Great pieces as always. But remember the "Soviet production miracle" would never have been possible without the massive lendlease deliveries especially the raw materials Russia needed to build these weapons on that scale. So while the Soviet sacrifice was enormous, the western allies, especially the US after 1942, effectively bankrolled the Soviet war effort and got scant recognition in return to this day.

The Soviets gave their blood, vast manpower and superior military hardware, especially tanks and artillery. But without western support, the Soviet economy and industry would likely have collapsed in 1941/42.

And as much as the allies may be guilty of not giving enough credit to the Soviet war effort, the same is even more true in Russia, where the allied contribution is dismissed as a minor sideshow. In the numbers involved in actual combat that maybe true. But the west's material was still the decisive lifeline that kept Russia in the war.

One significant example can be seen in the crucial early phase of Barbarossa, after the catastrophic Soviet losses in the early months of the German invasion. As the exhausted Panzer divisions approached Moscow, 75% of the tanks defending the Soviet capital were British, transported via the Arctic convoys, the only viable transport route to their new Soviet ally. So Britain arguably saved Russia in 1941, as the loss of Moscow would have been an enormous prestige, morale, strategic and logistical loss to the Soviet Union's capacity to fight on.

So the Soviet machine that emerged from WWII was in large part a product of the mass material and industrial mobilisation you describe. The west outsourced the heavily combat lifting to the Soviets who were simply geographically and in terms of human resources and hardware better placed to wage the land war on that scale and degrade Germany's awesome military might.

The sheer scale of the fighting and length of front and Soviet numerical superiority allowed them to switch the point of attack at will. But that too was only possible thanks to thousands of US trucks and halftracks that made the strategy possible and successful. Without that, the Soviet losses already horrendous throughout the war, would have been unsustainable. And despite their superior hardware, the Red Army even more than the western allies, relied on sheer weight of numbers, material mass and brute force to bludgeon the mighty Wehrmacht into submission. There was very little tactical subtlety involved. And of course, Stalin's Soviet Union was far less squeamish about sacrificing its people to defend itself than its western allies, having already murdered or imprisoned up to 30 million before the war!

And is it a surprise that the mighty Soviet war machine swiftly fell into decline once it was deprived of access to western technology and industry in the post-war era? The myth of the Soviet steamroller pushing through to the Atlantic in two weeks has long been debunked not least by the Soviets who admitted their military prowess looked far better on paper than the propaganda claimed.

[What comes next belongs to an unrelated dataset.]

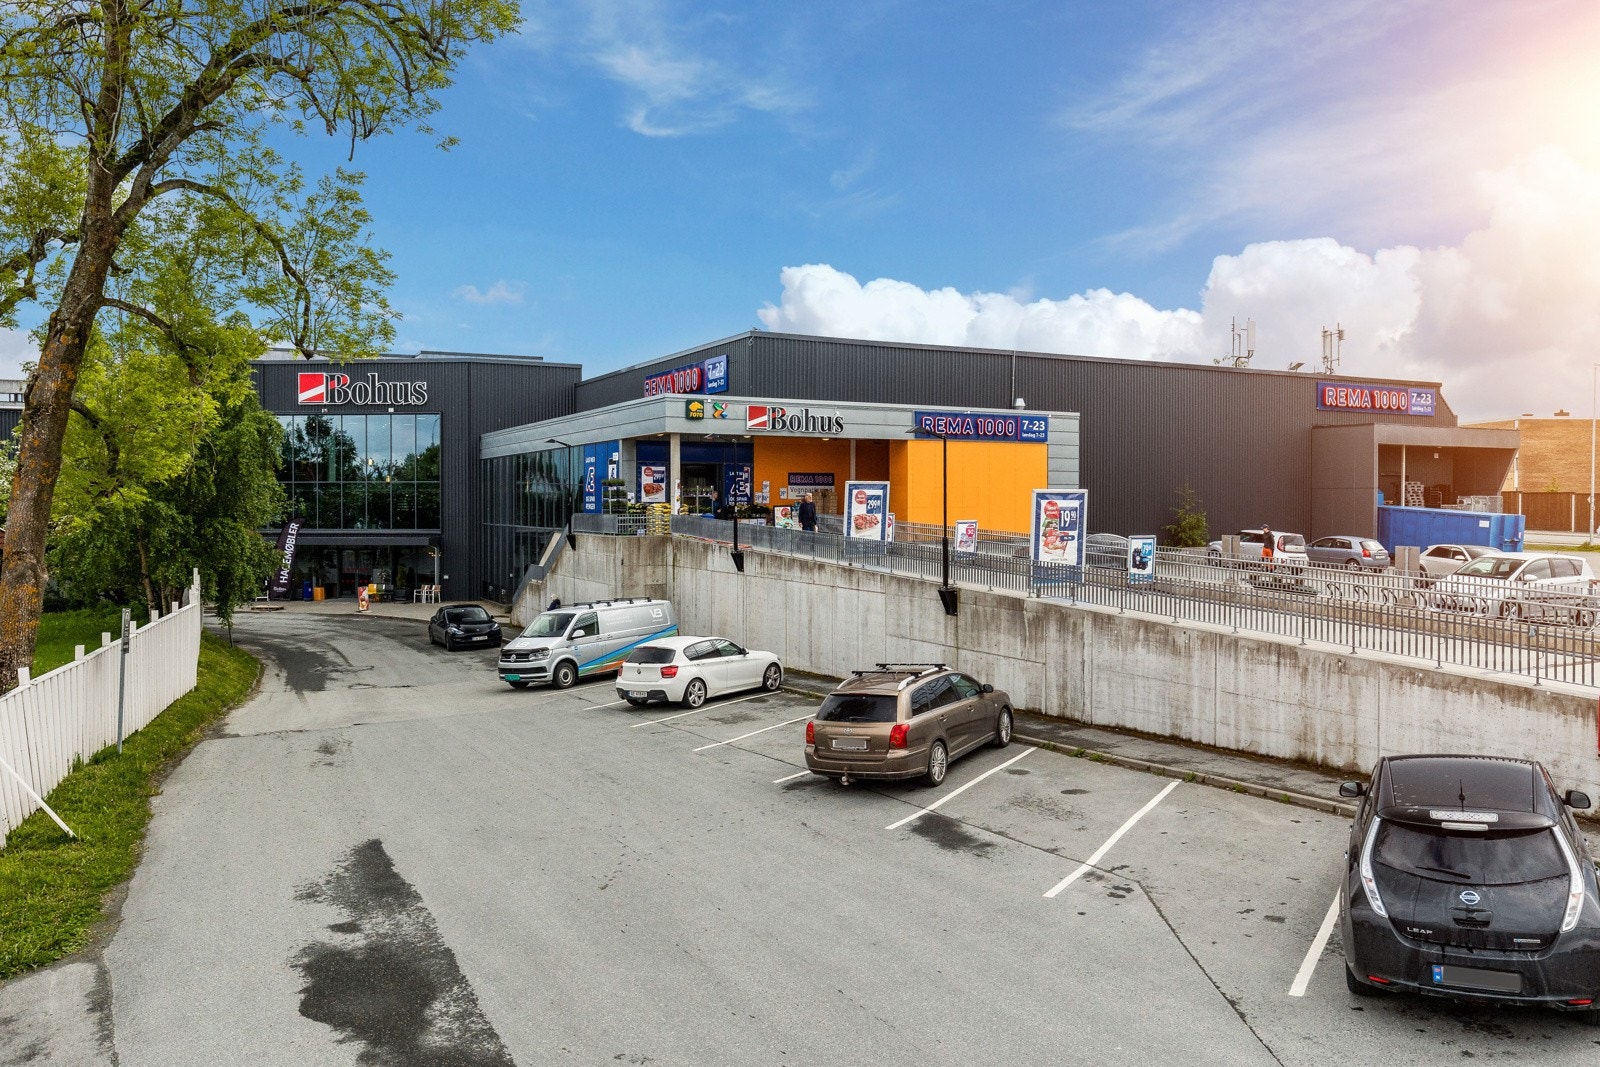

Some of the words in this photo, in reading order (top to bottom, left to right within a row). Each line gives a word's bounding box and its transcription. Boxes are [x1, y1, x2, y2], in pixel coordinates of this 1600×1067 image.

Despite the early successes of its space industry, the Soviets quickly fell behind the west technologically and were only able to keep up militarily through their massive industrial espionage programme. But even that was not enough.

As Soviet military spending started crippling its economy, Reagan and Thatcher renewed the allied war strategy of mass material and economic superiority that had made D-Day possible, but this time they outstripped and out produced their former allies, the Soviet Union. So the 1984 D-Day celebration had even greater symbolic significance by marking the renewal of the western alliance and strategy that had won WWII with Soviet help, but this time to win the Cold War and defeat the Soviet Union. Predictably the Soviets boycotted the D-Day events with a lot of derision and criticism. 1984 marked a lowpoint in Cold War relations, the same year the Soviets and Warsaw Pact satellites boycotted the LA Olympics.

But 1984 was also the turning point. The Soviet Union just could no longer match the west's technological and consumer-driven industrial superiority and in the late 1980s it came close to collapse. The great irony perhaps is that the last general secretary, Gorbachev, was reduced to begging subsidies from its former existential arch enemy Germany just to keep the Soviet economy going in return for supporting German reunification and pulling the rug from under the DDR!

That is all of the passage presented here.